Like all members of the Synodontis genus, S. marmoratus has a strong, bony head capsule that extends back as far as the first spine of the dorsal fin. The head contains a distinct narrow, bony, external protrusion called a humeral process. The shape and size of the humeral process helps to identify the species. In S. marmoratus, the humeral process is more than twice as long as it is wide.
The fish has three pairs of barbels. The maxillary barbels are on located on the upper jaw, and two pairs of mandibular barbels are on the lower jaw. The maxillary barbel is long and straight without any branches, without a membrane at the base. It extends to a length longer than the head, reaching the middle of the humeral process. The mandibular barbels have short and broad branches.

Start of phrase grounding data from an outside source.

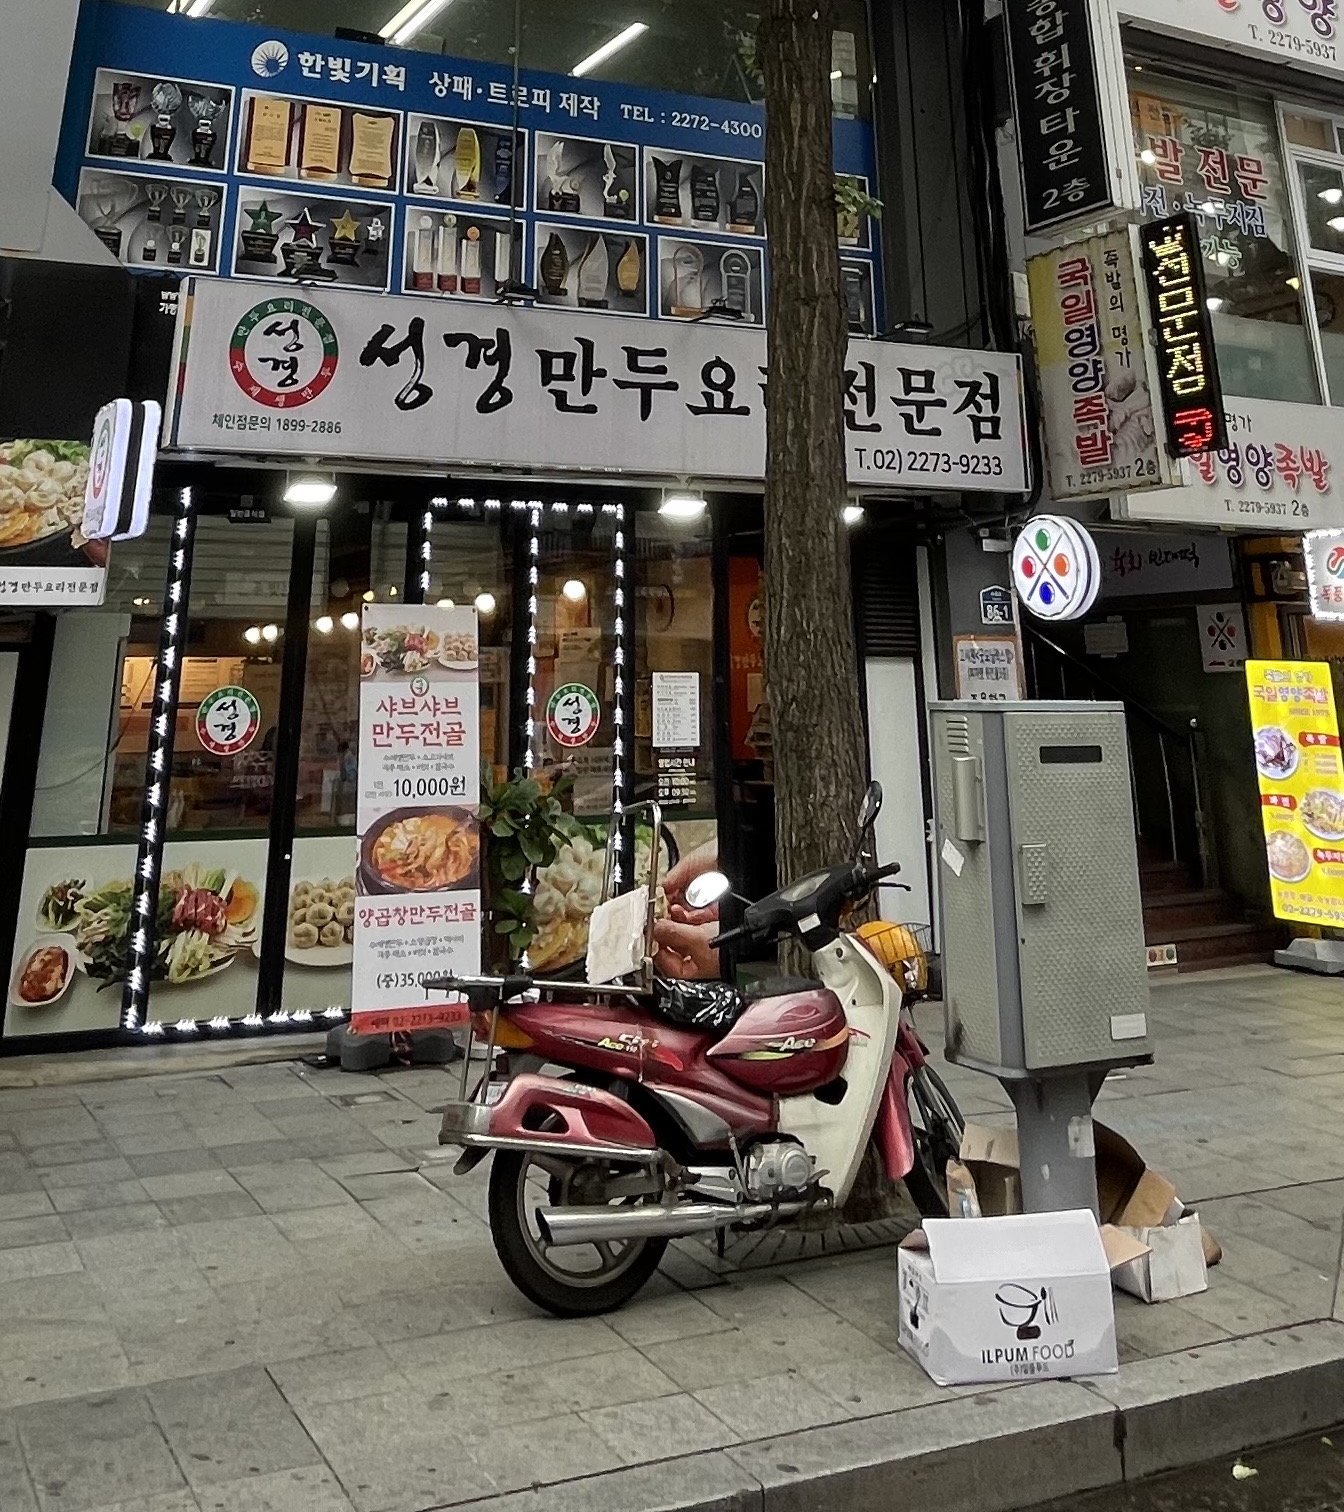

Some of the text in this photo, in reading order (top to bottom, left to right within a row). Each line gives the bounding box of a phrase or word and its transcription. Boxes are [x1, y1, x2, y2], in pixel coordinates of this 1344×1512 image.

[1268, 29, 1338, 61] 2279-5937
[297, 49, 407, 91] 한빛기획
[559, 93, 601, 122] 제작
[620, 104, 655, 125] TEL
[670, 109, 763, 141] 2272-4300
[1194, 145, 1270, 200] 전문
[1042, 177, 1092, 210] 2층
[1103, 249, 1131, 368] 족발의 명가
[258, 319, 305, 388] 성경
[1057, 257, 1113, 468] 국일영양족발
[359, 315, 1004, 443] 성경 만두요전문점
[211, 413, 343, 434] 체인점문의 1899-2886
[907, 448, 1005, 478] 2273-9233
[1080, 467, 1132, 483] 2279-5937
[1135, 457, 1157, 476] 2층
[1238, 500, 1287, 516] 2279-5937
[1292, 499, 1310, 517] 2층
[375, 695, 462, 719] 샤브샤브
[1253, 685, 1329, 704] 국일영양족발
[372, 721, 467, 748] 만두전골
[393, 775, 467, 799] 10,000원
[358, 902, 477, 928] 양곱창만두전골
[981, 1339, 1075, 1364] ILPUM FOOD

The front edges of the dorsal fins and the pectoral fins of Syntontis species are hardened into stiff spines. In S. marmoratus, the spine of the dorsal fin is short, about half the length of the head, smooth in the front and serrated on the back. The remaining portion of the dorsal fin is made up of seven branching rays. The spine of the pectoral fin about the same size as the dorsal spine, and serrated on both sides. The anal fin contains 11 to 12 branched rays. The tail, or caudal fin, is deeply forked.
All members of Syndontis have a structure called a premaxillary toothpad, which is located on the very front of the upper jaw of the mouth. This structure contains several rows of short, chisel-shaped teeth. On the lower jaw, or mandible, the teeth of Syndontis are attached to flexible, stalk-like structures and described as "s-shaped" or "hooked". The number of teeth on the mandible is used to differentiate between species; in S. marmoratus, there are about 14 to 18 teeth on the mandible.

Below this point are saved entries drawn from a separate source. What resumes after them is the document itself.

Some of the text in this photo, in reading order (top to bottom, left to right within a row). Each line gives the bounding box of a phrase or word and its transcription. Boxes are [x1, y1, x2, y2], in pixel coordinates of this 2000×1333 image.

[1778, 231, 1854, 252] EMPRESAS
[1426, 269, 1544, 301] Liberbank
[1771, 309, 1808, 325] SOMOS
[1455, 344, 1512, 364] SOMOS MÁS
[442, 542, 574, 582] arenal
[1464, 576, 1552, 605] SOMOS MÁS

The base body color is blackish brown, marbled with white. The fins are white, marbled with black.
The maximum standard length of the species is 4 centimetres (1.6 in). Generally, females in the Synodontis genus tend to be slightly larger than males of the same age.
In the wild, the only a few specimens have been collected from a very limited geographic area around Bonge, Cameroon. The reproductive habits of most of the species of Synodontis are not known, beyond some instances of obtaining egg counts from gravid females. Spawning likely occurs during the flooding season between July and October, and pairs swim in unison during spawning. As a whole, species of Synodontis are omnivores, consuming insect larvae, algae, gastropods, bivalves, sponges, crustaceans, and the eggs of other fishes. The growth rate is rapid in the first year, then slows down as the fish age.